What Is Happening in the Lungs

Equine asthma is an allergic, inflammatory disease of the lower airways. When a susceptible horse inhales dust, mold spores, and other fine particles, its airways react with inflammation, excess mucus, and muscle spasm. The airways narrow, trapping air and making it hard to push the breath out. Over time this constant effort can build the visible heave line along the flank.

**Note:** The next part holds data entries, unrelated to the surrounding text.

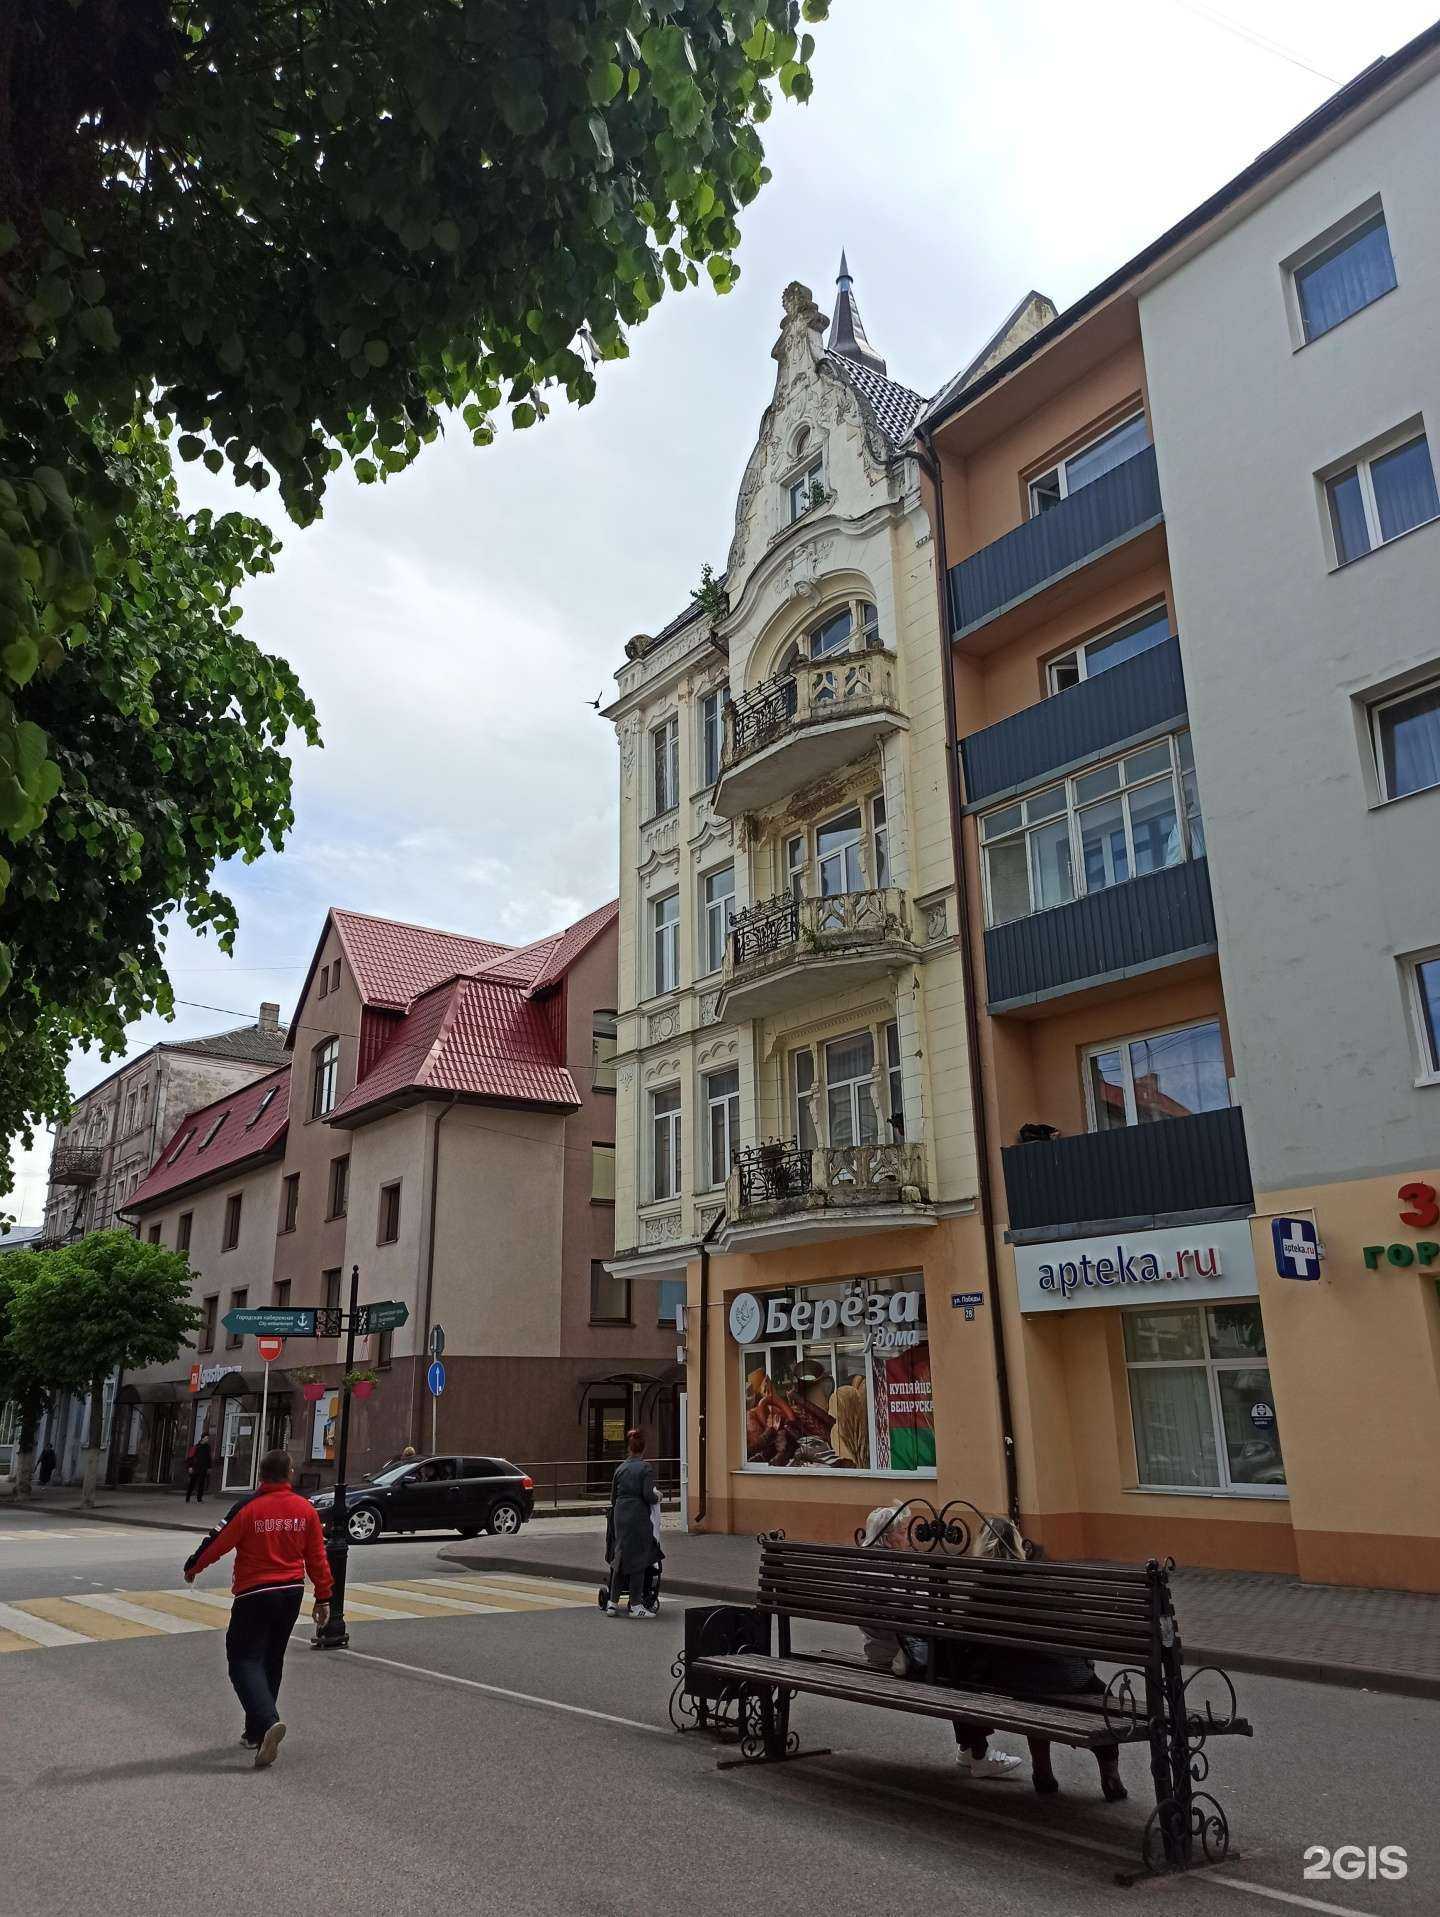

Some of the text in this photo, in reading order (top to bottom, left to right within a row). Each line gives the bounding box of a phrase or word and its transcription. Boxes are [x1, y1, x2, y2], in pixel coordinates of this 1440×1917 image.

[1284, 1243, 1315, 1255] apteka.ru
[1038, 1245, 1220, 1297] apteka.ru
[962, 1294, 981, 1303] Победы
[765, 1286, 920, 1341] Берёза
[876, 1326, 920, 1346] дома
[254, 1517, 306, 1533] RUSSIA
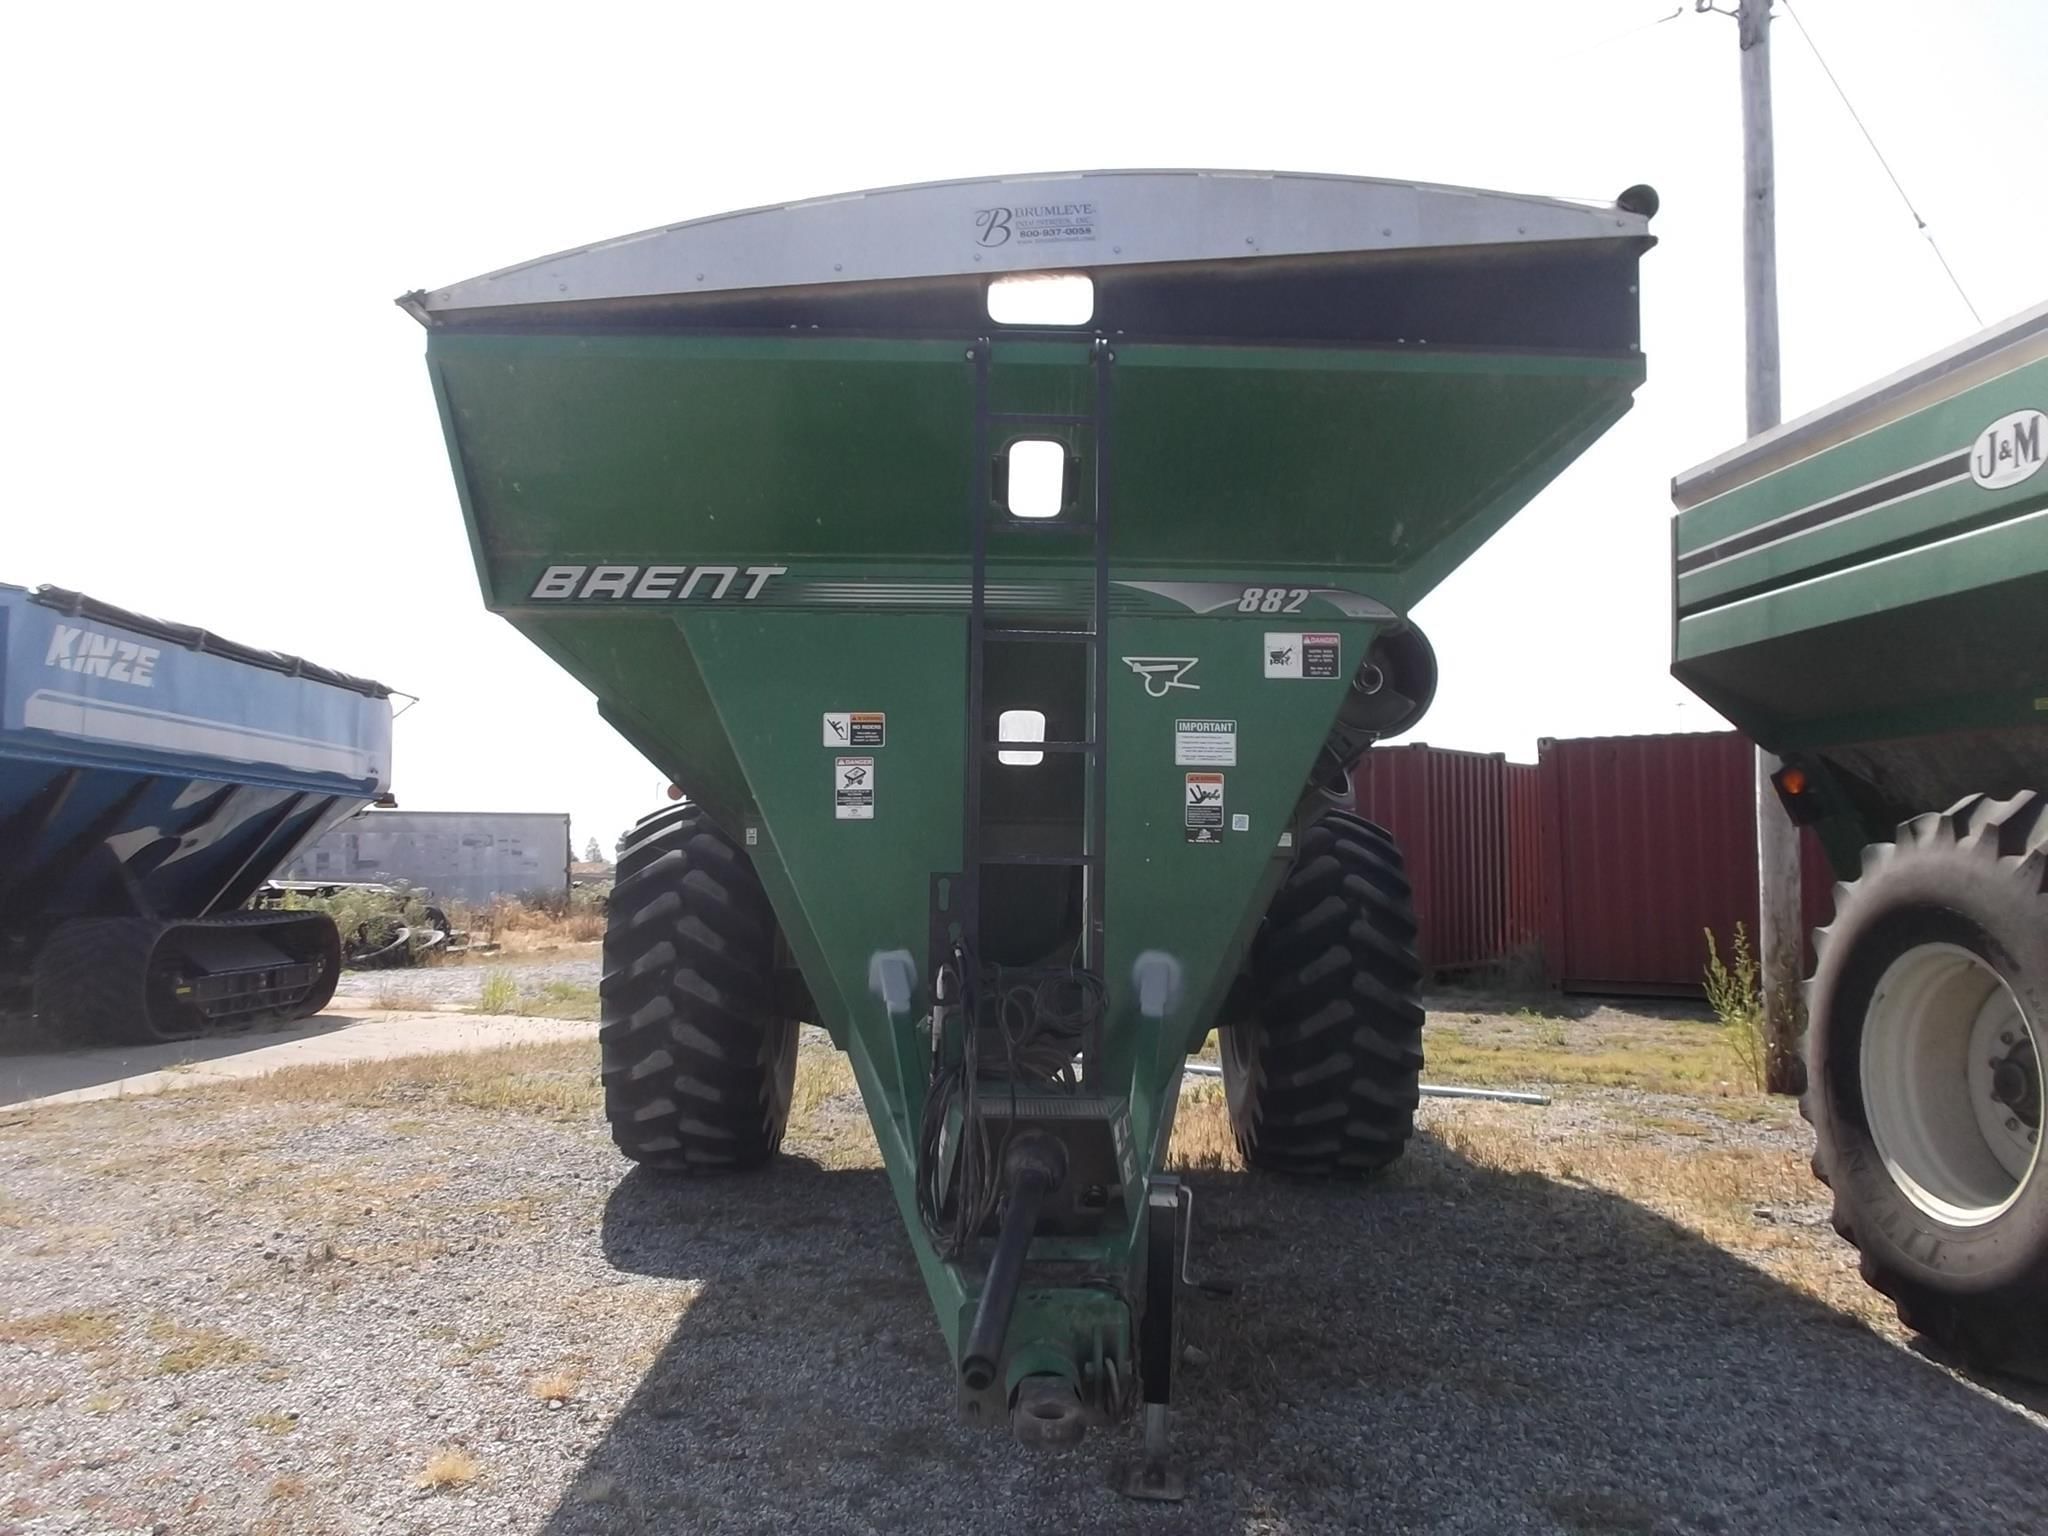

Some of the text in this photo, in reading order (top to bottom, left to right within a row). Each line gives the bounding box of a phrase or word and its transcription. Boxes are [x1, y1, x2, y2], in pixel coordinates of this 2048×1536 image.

[1015, 204, 1092, 217] BRUMLEVE
[1977, 414, 2041, 479] J&M
[531, 565, 788, 600] BRENT
[1237, 588, 1309, 613] 882
[45, 624, 160, 687] KINZE
[1179, 722, 1233, 732] IMPORTANT
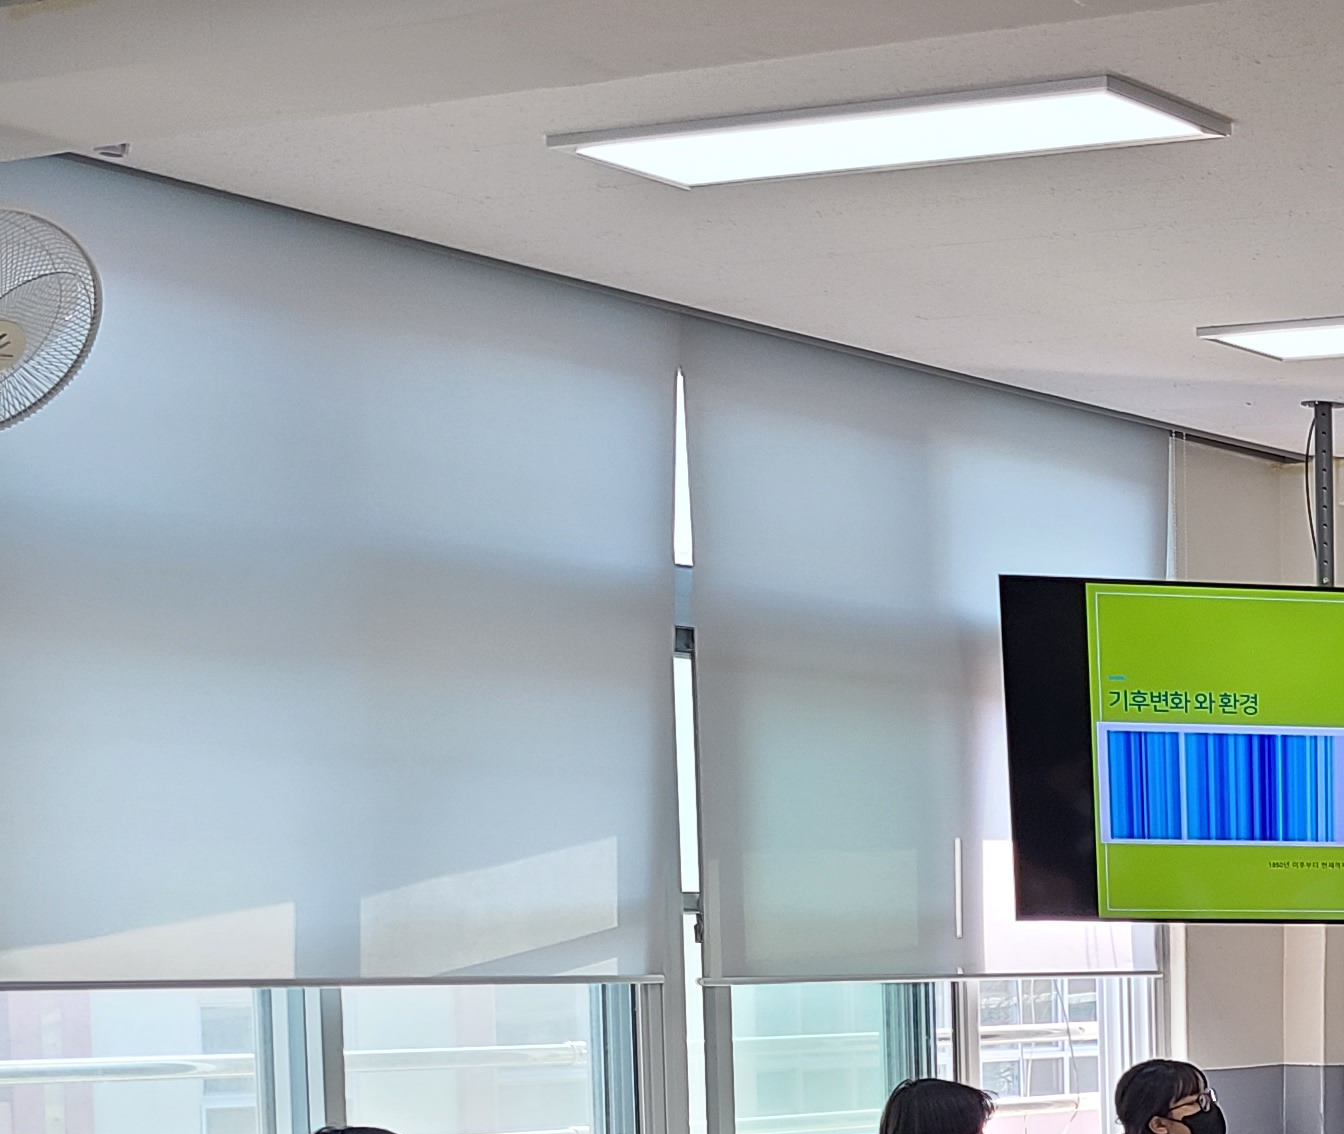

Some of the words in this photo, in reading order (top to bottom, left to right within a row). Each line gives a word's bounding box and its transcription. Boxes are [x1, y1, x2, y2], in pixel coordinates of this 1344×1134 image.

[1109, 690, 1191, 713] 기후변화
[1194, 692, 1216, 714] 와
[1219, 693, 1258, 715] 환경
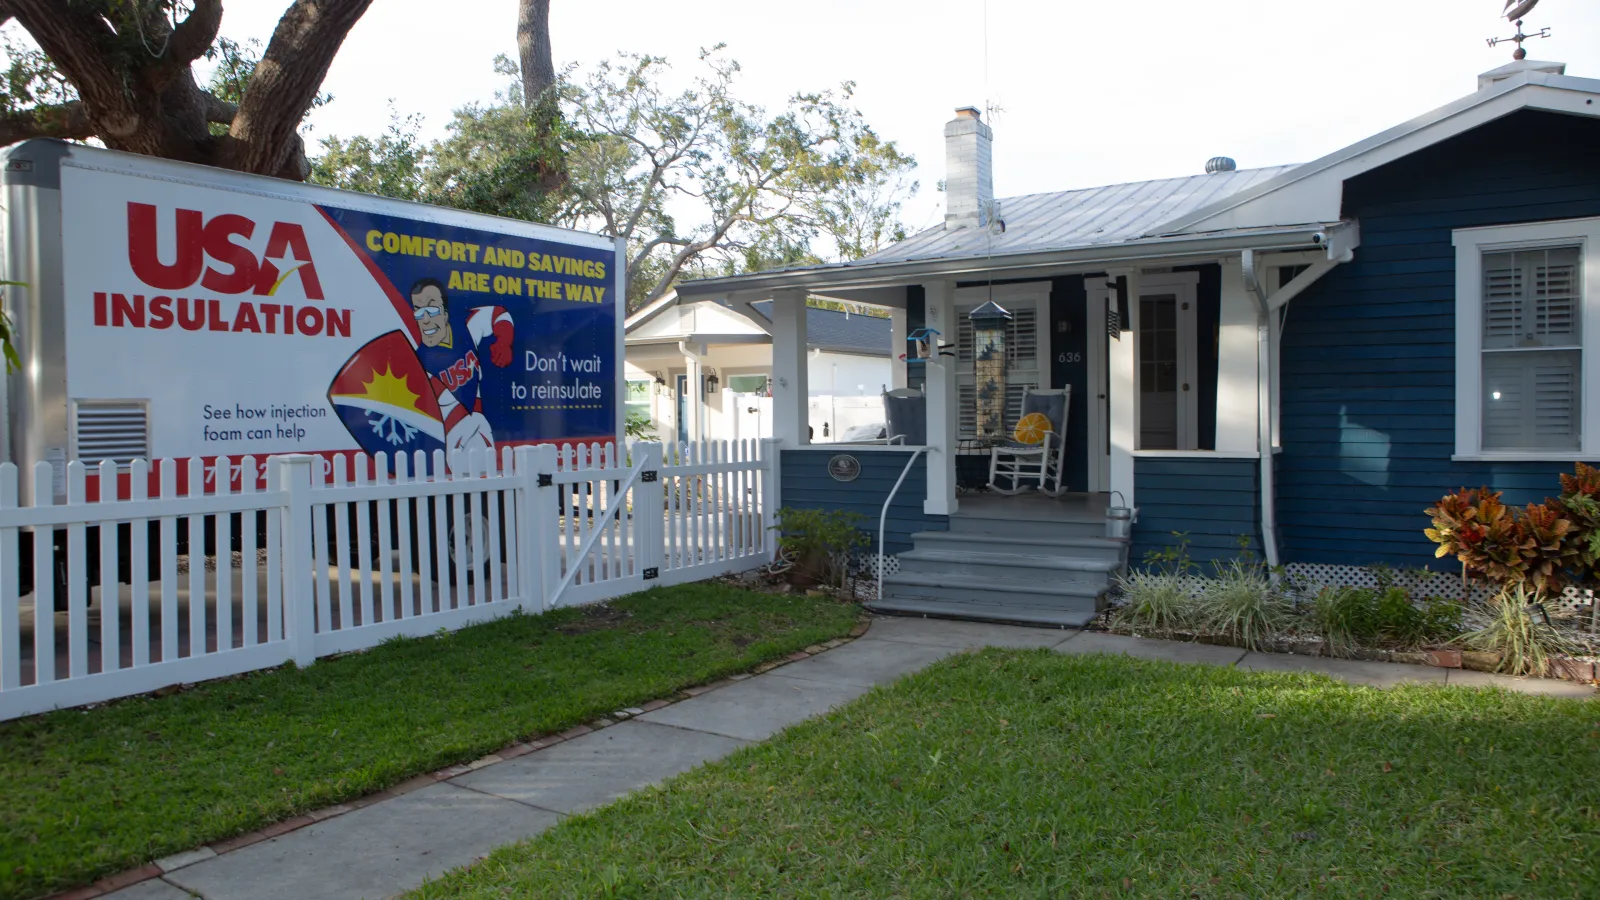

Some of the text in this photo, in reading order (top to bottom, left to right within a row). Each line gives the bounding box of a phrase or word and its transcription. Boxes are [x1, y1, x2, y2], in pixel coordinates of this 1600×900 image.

There are two broad forms. Severe equine asthma, the classic heaves or RAO, causes obvious labored breathing and is most often triggered by stable dust and hay. A milder inflammatory form causes coughing and poor performance without dramatic breathing effort. Older horses with long exposure histories tend toward the severe end.

Recognizing the Signs

  • A chronic cough, often worse when eating hay or starting exercise
  • Nasal discharge, sometimes thick and white or yellow
  • Increased breathing effort and flared nostrils at rest
  • A two-stage push on the exhale, with the belly working to force air out
  • A heave line, the ridge of muscle along the lower flank in advanced cases
  • Exercise intolerance and a general drop in stamina

Signs that clearly worsen with dusty hay or stabling and ease at pasture are a strong clue pointing to equine asthma.

Finding the Triggers

The usual culprits are airborne: dust and mold in hay and bedding, ammonia from urine-soaked stalls, and stale air in poorly ventilated barns. Round bales and dusty arenas are frequent offenders. Most horses flare when stabled and improve outdoors, but a minority have a summer pasture-associated form set off by pollen and outdoor molds, which improves with stabling instead. Working out your individual horse's pattern is the heart of management.

Treatment and Medication

Veterinary treatment pairs environmental change with medication. Corticosteroids reduce airway inflammation and can be given systemically or by inhaler with an equine spacer mask, which targets the lungs while limiting body-wide effects. Bronchodilators open constricted airways and bring quick relief during a flare, though they treat the spasm rather than the underlying inflammation. Severe cases often need a treatment course to break the inflammatory cycle, after which good management keeps signs at bay. Your veterinarian will tailor the plan to your horse's severity.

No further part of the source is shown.